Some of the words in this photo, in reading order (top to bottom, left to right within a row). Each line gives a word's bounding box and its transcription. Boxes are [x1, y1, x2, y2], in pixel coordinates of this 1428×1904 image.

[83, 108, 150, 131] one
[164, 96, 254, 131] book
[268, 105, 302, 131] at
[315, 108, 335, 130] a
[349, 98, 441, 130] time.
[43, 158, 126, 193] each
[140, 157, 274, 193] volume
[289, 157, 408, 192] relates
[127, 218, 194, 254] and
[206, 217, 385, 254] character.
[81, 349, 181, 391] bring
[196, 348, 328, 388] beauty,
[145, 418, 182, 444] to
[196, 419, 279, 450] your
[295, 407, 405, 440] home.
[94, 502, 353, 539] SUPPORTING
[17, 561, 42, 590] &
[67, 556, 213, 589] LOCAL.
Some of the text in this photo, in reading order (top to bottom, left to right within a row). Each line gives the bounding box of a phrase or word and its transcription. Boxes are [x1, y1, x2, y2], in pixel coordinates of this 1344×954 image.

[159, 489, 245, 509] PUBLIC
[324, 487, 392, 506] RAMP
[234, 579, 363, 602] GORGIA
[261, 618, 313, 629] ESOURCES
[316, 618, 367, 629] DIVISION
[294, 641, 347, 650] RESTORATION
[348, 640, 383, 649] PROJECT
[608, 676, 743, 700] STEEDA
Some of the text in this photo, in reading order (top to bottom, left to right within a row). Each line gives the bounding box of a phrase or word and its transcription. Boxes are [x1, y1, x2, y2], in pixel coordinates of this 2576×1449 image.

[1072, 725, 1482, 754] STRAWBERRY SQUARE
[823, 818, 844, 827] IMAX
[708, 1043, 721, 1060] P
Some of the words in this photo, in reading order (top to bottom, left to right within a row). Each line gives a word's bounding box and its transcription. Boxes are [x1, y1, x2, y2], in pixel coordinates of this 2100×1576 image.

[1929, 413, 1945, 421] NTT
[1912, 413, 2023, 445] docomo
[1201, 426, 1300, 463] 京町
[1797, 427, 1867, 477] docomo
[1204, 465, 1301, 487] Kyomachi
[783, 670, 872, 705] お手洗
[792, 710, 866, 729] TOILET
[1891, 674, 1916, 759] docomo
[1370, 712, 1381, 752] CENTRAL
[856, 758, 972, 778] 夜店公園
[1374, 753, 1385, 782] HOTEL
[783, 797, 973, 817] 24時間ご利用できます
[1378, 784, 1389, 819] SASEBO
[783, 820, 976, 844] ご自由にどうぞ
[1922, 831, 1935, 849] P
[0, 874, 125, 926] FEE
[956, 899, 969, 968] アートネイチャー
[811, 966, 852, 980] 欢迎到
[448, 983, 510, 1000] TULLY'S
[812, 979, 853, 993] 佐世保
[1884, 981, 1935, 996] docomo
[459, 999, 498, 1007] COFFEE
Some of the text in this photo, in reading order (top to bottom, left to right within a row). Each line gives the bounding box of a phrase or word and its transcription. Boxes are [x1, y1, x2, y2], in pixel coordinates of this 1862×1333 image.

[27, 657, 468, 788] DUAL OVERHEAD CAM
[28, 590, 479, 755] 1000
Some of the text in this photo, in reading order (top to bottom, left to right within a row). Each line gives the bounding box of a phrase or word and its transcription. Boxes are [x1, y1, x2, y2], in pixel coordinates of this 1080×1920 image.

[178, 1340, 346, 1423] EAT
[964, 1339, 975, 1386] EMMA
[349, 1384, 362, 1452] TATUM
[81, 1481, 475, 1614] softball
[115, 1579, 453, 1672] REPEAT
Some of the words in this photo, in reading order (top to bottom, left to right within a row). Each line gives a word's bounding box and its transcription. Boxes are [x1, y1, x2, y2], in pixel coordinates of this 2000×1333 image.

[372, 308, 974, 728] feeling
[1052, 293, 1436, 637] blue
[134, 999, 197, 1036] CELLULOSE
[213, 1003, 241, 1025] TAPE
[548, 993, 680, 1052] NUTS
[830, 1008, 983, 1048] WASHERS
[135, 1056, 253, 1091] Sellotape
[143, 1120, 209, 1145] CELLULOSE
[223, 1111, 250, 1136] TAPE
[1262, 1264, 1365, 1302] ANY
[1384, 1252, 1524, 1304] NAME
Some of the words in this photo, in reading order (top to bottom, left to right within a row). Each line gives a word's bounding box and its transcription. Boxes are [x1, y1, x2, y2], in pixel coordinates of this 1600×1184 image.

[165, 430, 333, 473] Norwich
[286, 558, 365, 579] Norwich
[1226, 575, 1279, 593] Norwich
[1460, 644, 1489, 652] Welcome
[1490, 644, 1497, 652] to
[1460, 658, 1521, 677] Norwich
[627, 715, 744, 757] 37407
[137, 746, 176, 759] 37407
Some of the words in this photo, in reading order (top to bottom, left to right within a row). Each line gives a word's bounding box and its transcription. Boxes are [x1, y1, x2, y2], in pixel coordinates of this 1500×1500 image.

********************

What this task involves:
Return the whole listing as it stands. Nothing may be altered.

Problem solution:
Some of the words in this photo, in reading order (top to bottom, left to right within a row). Each line gives a word's bounding box and its transcription. Boxes are [x1, y1, x2, y2], in pixel coordinates of this 1428×1904 image.

[83, 108, 150, 131] one
[164, 96, 254, 131] book
[268, 105, 302, 131] at
[315, 108, 335, 130] a
[349, 98, 441, 130] time.
[43, 158, 126, 193] each
[140, 157, 274, 193] volume
[289, 157, 408, 192] relates
[127, 218, 194, 254] and
[206, 217, 385, 254] character.
[81, 349, 181, 391] bring
[196, 348, 328, 388] beauty,
[145, 418, 182, 444] to
[196, 419, 279, 450] your
[295, 407, 405, 440] home.
[94, 502, 353, 539] SUPPORTING
[17, 561, 42, 590] &
[67, 556, 213, 589] LOCAL.
Some of the text in this photo, in reading order (top to bottom, left to right within a row). Each line gives the bounding box of a phrase or word and its transcription. Boxes are [x1, y1, x2, y2], in pixel coordinates of this 1344×954 image.

[159, 489, 245, 509] PUBLIC
[324, 487, 392, 506] RAMP
[234, 579, 363, 602] GORGIA
[261, 618, 313, 629] ESOURCES
[316, 618, 367, 629] DIVISION
[294, 641, 347, 650] RESTORATION
[348, 640, 383, 649] PROJECT
[608, 676, 743, 700] STEEDA
Some of the text in this photo, in reading order (top to bottom, left to right within a row). Each line gives the bounding box of a phrase or word and its transcription. Boxes are [x1, y1, x2, y2], in pixel coordinates of this 2576×1449 image.

[1072, 725, 1482, 754] STRAWBERRY SQUARE
[823, 818, 844, 827] IMAX
[708, 1043, 721, 1060] P
Some of the words in this photo, in reading order (top to bottom, left to right within a row). Each line gives a word's bounding box and its transcription. Boxes are [x1, y1, x2, y2], in pixel coordinates of this 2100×1576 image.

[1929, 413, 1945, 421] NTT
[1912, 413, 2023, 445] docomo
[1201, 426, 1300, 463] 京町
[1797, 427, 1867, 477] docomo
[1204, 465, 1301, 487] Kyomachi
[783, 670, 872, 705] お手洗
[792, 710, 866, 729] TOILET
[1891, 674, 1916, 759] docomo
[1370, 712, 1381, 752] CENTRAL
[856, 758, 972, 778] 夜店公園
[1374, 753, 1385, 782] HOTEL
[783, 797, 973, 817] 24時間ご利用できます
[1378, 784, 1389, 819] SASEBO
[783, 820, 976, 844] ご自由にどうぞ
[1922, 831, 1935, 849] P
[0, 874, 125, 926] FEE
[956, 899, 969, 968] アートネイチャー
[811, 966, 852, 980] 欢迎到
[448, 983, 510, 1000] TULLY'S
[812, 979, 853, 993] 佐世保
[1884, 981, 1935, 996] docomo
[459, 999, 498, 1007] COFFEE
Some of the text in this photo, in reading order (top to bottom, left to right within a row). Each line gives the bounding box of a phrase or word and its transcription. Boxes are [x1, y1, x2, y2], in pixel coordinates of this 1862×1333 image.

[27, 657, 468, 788] DUAL OVERHEAD CAM
[28, 590, 479, 755] 1000
Some of the text in this photo, in reading order (top to bottom, left to right within a row). Each line gives the bounding box of a phrase or word and its transcription. Boxes are [x1, y1, x2, y2], in pixel coordinates of this 1080×1920 image.

[178, 1340, 346, 1423] EAT
[964, 1339, 975, 1386] EMMA
[349, 1384, 362, 1452] TATUM
[81, 1481, 475, 1614] softball
[115, 1579, 453, 1672] REPEAT
Some of the words in this photo, in reading order (top to bottom, left to right within a row). Each line gives a word's bounding box and its transcription. Boxes are [x1, y1, x2, y2], in pixel coordinates of this 2000×1333 image.

[372, 308, 974, 728] feeling
[1052, 293, 1436, 637] blue
[134, 999, 197, 1036] CELLULOSE
[213, 1003, 241, 1025] TAPE
[548, 993, 680, 1052] NUTS
[830, 1008, 983, 1048] WASHERS
[135, 1056, 253, 1091] Sellotape
[143, 1120, 209, 1145] CELLULOSE
[223, 1111, 250, 1136] TAPE
[1262, 1264, 1365, 1302] ANY
[1384, 1252, 1524, 1304] NAME
Some of the words in this photo, in reading order (top to bottom, left to right within a row). Each line gives a word's bounding box and its transcription. Boxes are [x1, y1, x2, y2], in pixel coordinates of this 1600×1184 image.

[165, 430, 333, 473] Norwich
[286, 558, 365, 579] Norwich
[1226, 575, 1279, 593] Norwich
[1460, 644, 1489, 652] Welcome
[1490, 644, 1497, 652] to
[1460, 658, 1521, 677] Norwich
[627, 715, 744, 757] 37407
[137, 746, 176, 759] 37407
Some of the words in this photo, in reading order (top to bottom, left to right within a row). Each line gives a word's bounding box and its transcription. Boxes are [x1, y1, x2, y2], in pixel coordinates of this 1500×1500 image.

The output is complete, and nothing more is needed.